__Task to carry out__:
Leaving the pictures aside, transcribe the data below exactly.

__Data entries__:
——
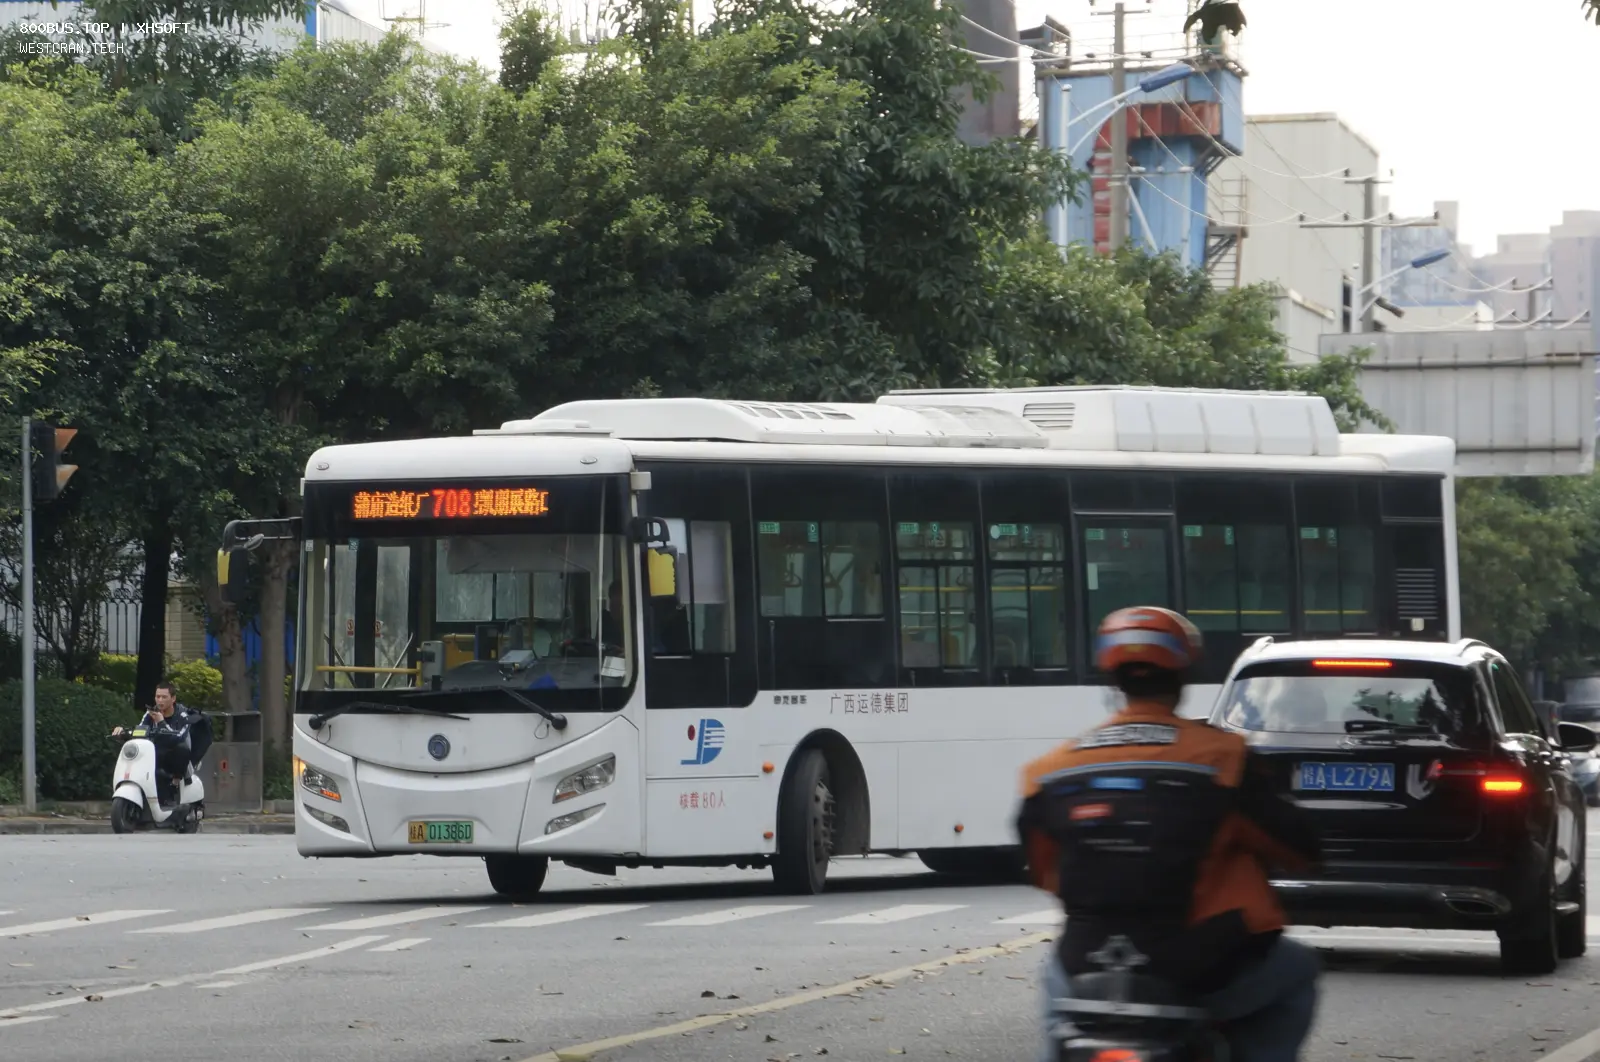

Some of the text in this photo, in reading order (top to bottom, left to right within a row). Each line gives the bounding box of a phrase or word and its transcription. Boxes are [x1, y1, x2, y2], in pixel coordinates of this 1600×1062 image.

[354, 490, 430, 518] 蒲庙造纸厂
[432, 489, 472, 517] 708
[830, 692, 909, 714] 广西运德集团
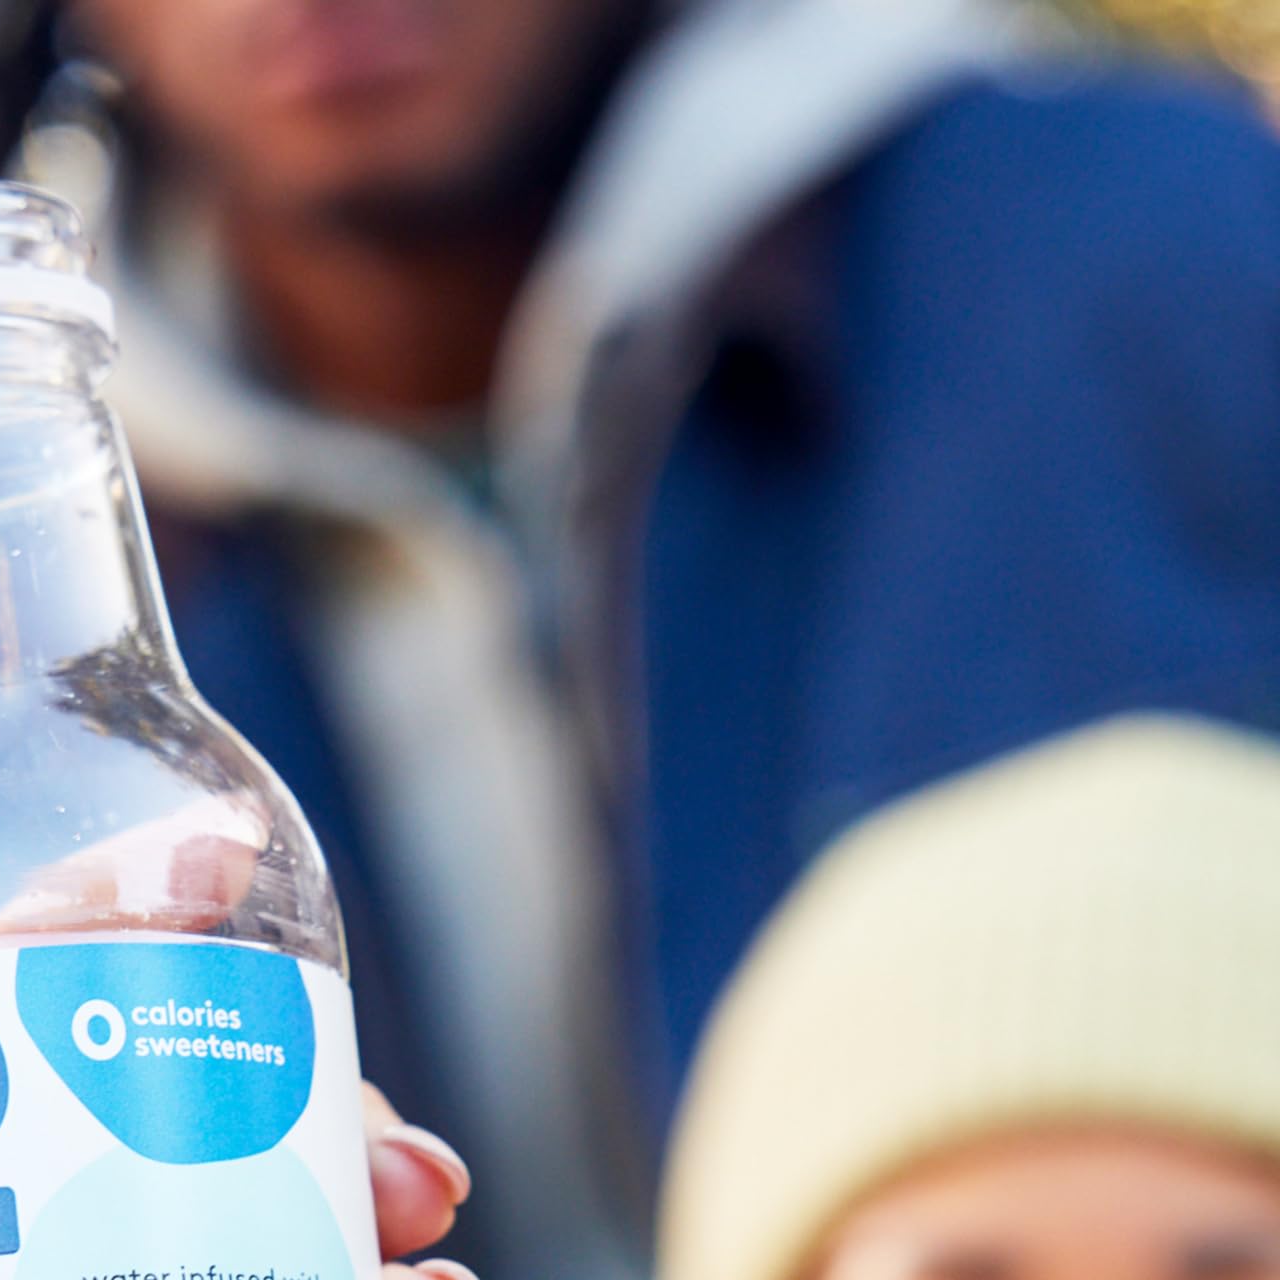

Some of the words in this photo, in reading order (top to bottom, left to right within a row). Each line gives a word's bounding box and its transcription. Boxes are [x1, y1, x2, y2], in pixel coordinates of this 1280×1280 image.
——
__Answer box__:
Some of the text in this photo, in reading order (top to bottom, left to right within a row). Each line gives the bounding box of a phrase or word and its transcription. Boxes are [x1, y1, x2, y2], in pixel coordinates of this 1600×1062 image.

[354, 490, 430, 518] 蒲庙造纸厂
[432, 489, 472, 517] 708
[830, 692, 909, 714] 广西运德集团

Some of the words in this photo, in reading order (top to bottom, left to right within a row). Each line gives a word's bounding box and its transcription. Boxes are [x1, y1, x2, y2], in pixel coordinates of this 1280×1280 image.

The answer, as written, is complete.